Postby demoncase » Mon May 27, 2019 3:22 am

SpyderEdgeForever wrote:
Sat May 25, 2019 4:09 pm
demoncase wrote:
Sat May 25, 2019 3:36 pm
You might see some Stainless sheets for cladding as an aesthetic or architectural feature....in those kinds of buildings that win awards for design from people with no appreciation of classical beauty.

But in the actual support structure? Not required and too expensive for the application
Yes, like you and Mastiff pointed out, there are cladding for decoration on some buildings but the actual structural members seem to be low-carbon iron alloys/steel alloys.

demoncase, what would it take for this to change? Or, would it be an issue of "by the time advanced and inexpensive stainless alloys able to replace present structural steel came to be, we could make better materials such as composites for buildings."?
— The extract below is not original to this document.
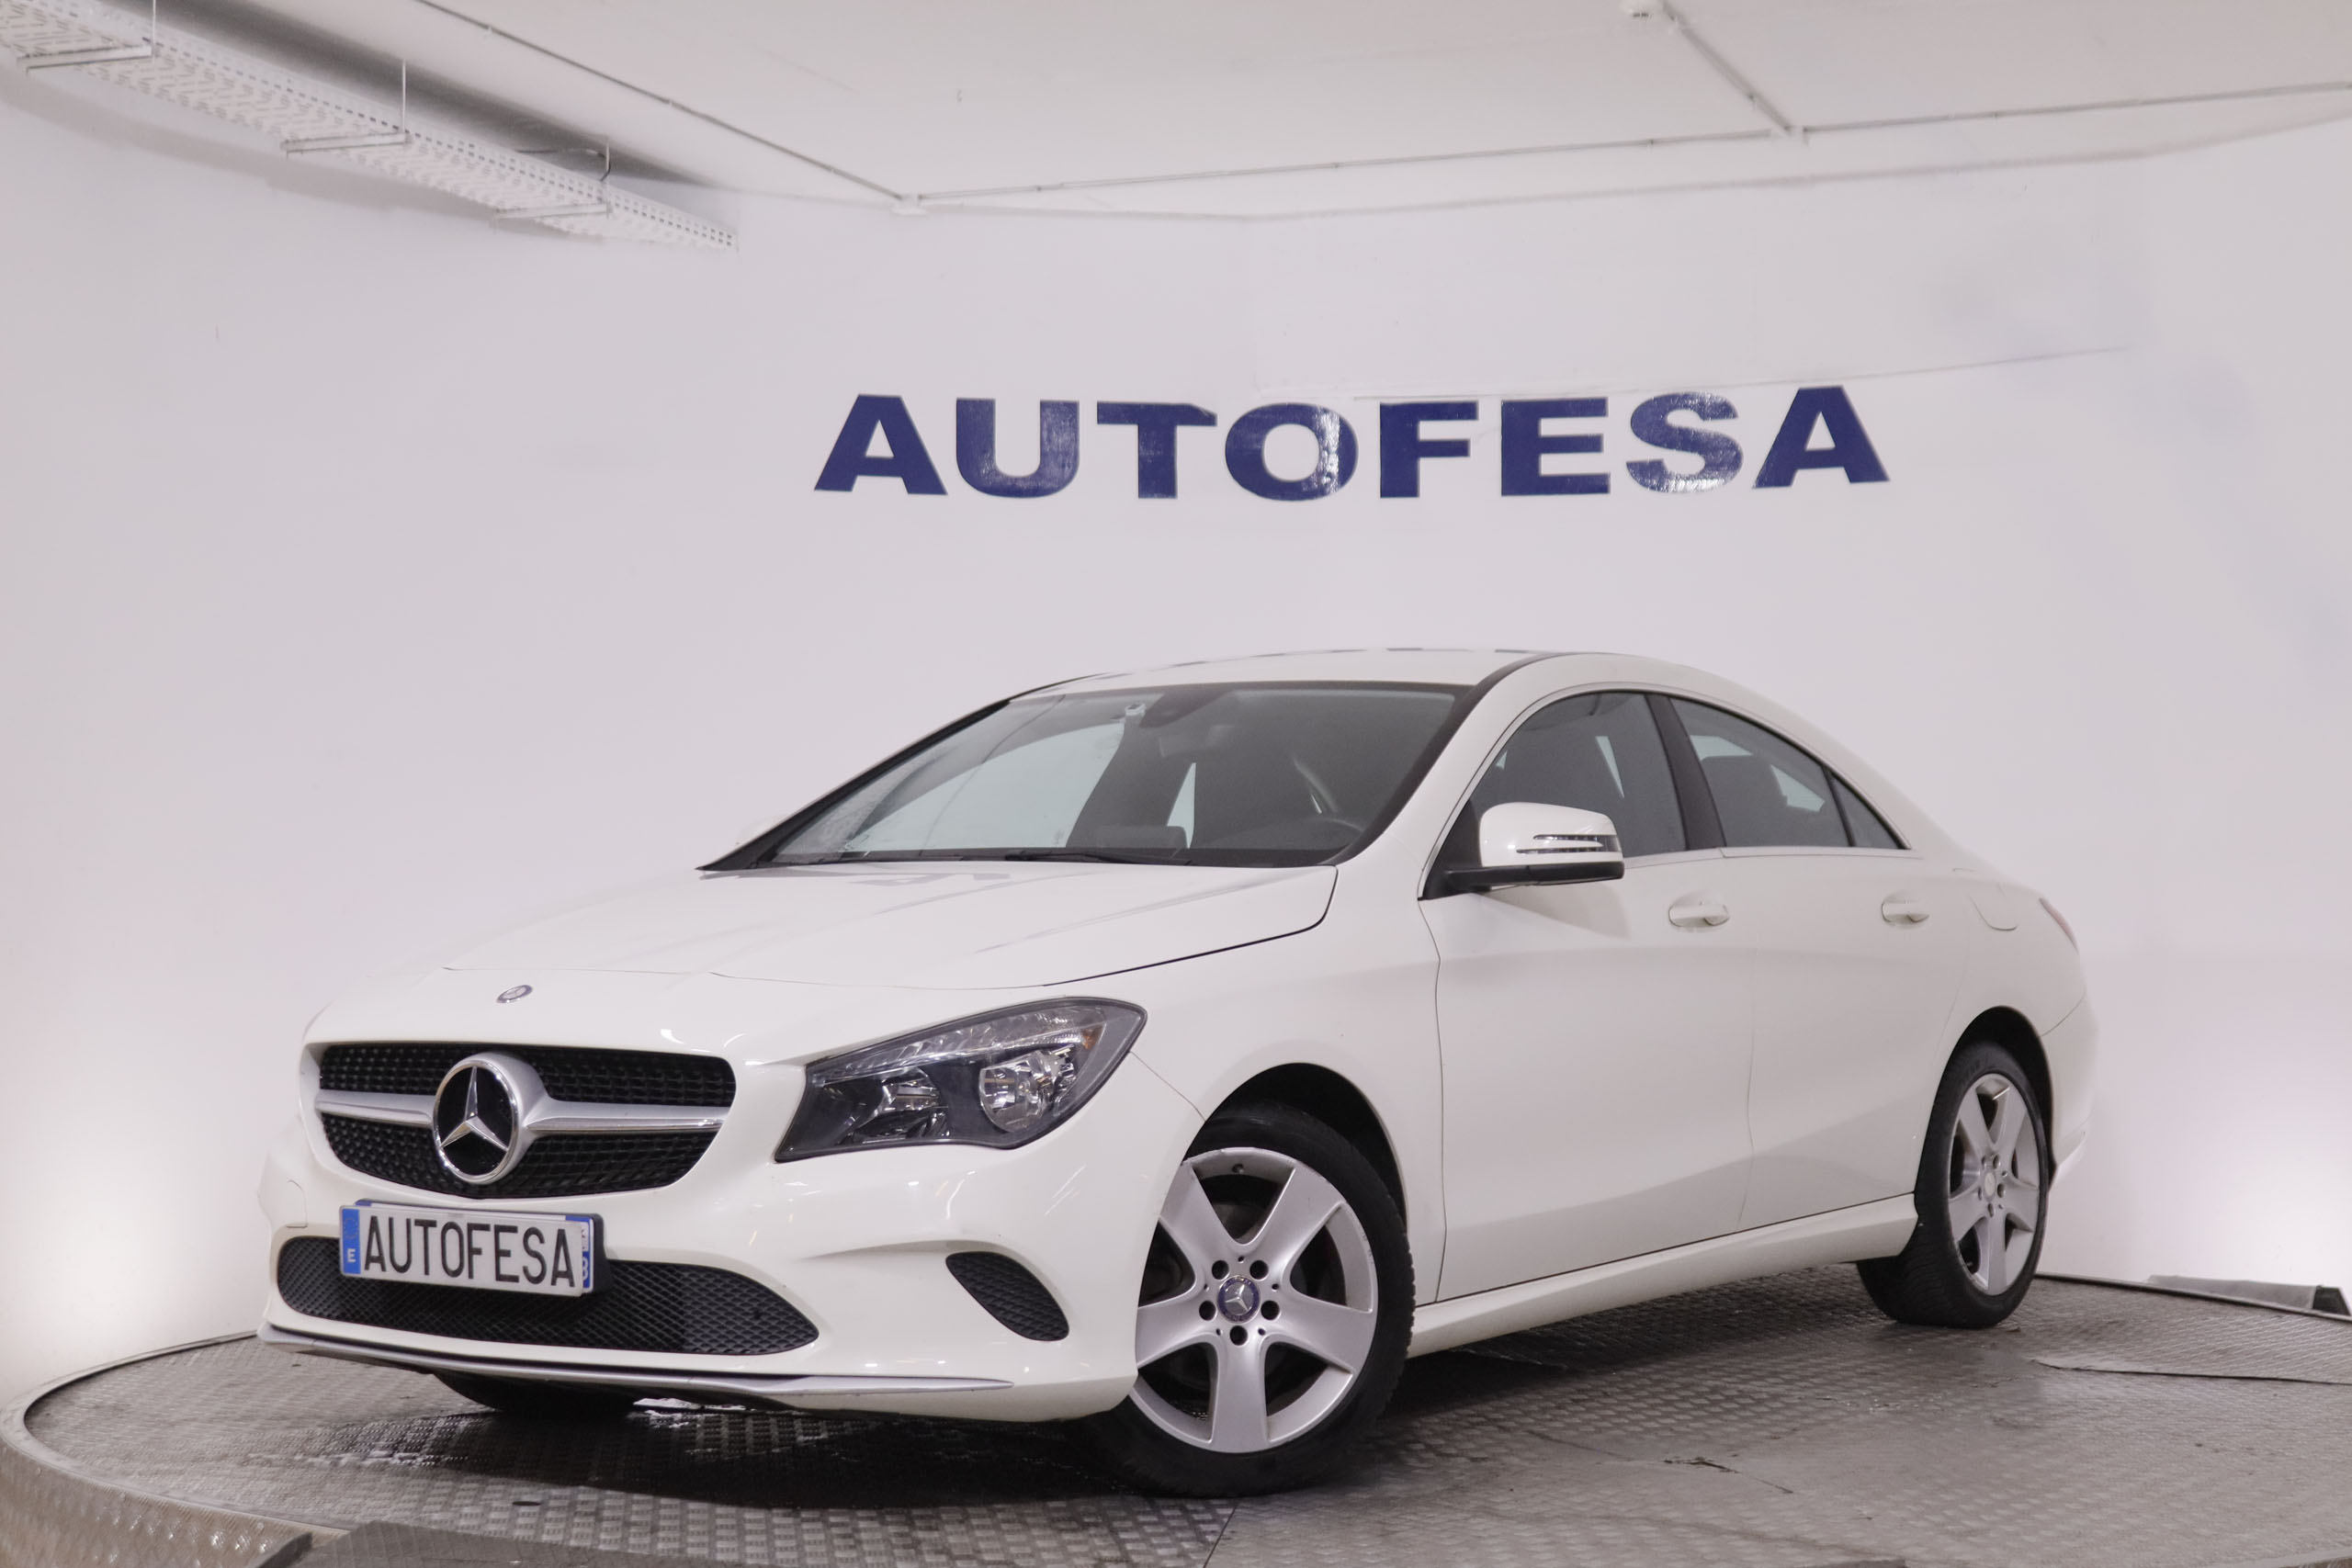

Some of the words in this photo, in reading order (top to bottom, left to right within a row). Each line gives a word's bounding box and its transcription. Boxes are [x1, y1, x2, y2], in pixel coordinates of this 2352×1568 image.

[815, 387, 1889, 502] AUTOFESA
[347, 1248, 356, 1263] E
[364, 1214, 575, 1288] AUTOFESA
That being said, do you think we will ever see polymer and carbon and other forms of composites replace steel for bridges, such as suspension bridges, or not likely?
Why does it need to change?....You've already got a material that's as cheap it can possibly be delivering the best results in the application.

There's no value to be gained from trying to make stainless surplant basic structural steels. There's no problem to solve here so I'd forget it and move on.

Could fibre-reinforced polymers replace steel in bridges?.....Sure- on the day you built it.

But can fibre-reinforced polymers last as well outside in all seasons, cycling both thermally (winter to summer) and physically (with loading and winds)?....I've driven across suspension bridges that are 200 years old. I've driven across stone bridges 500 years old.....I doubt that an entirely polymer bridge would maintain structural stability for that length of time.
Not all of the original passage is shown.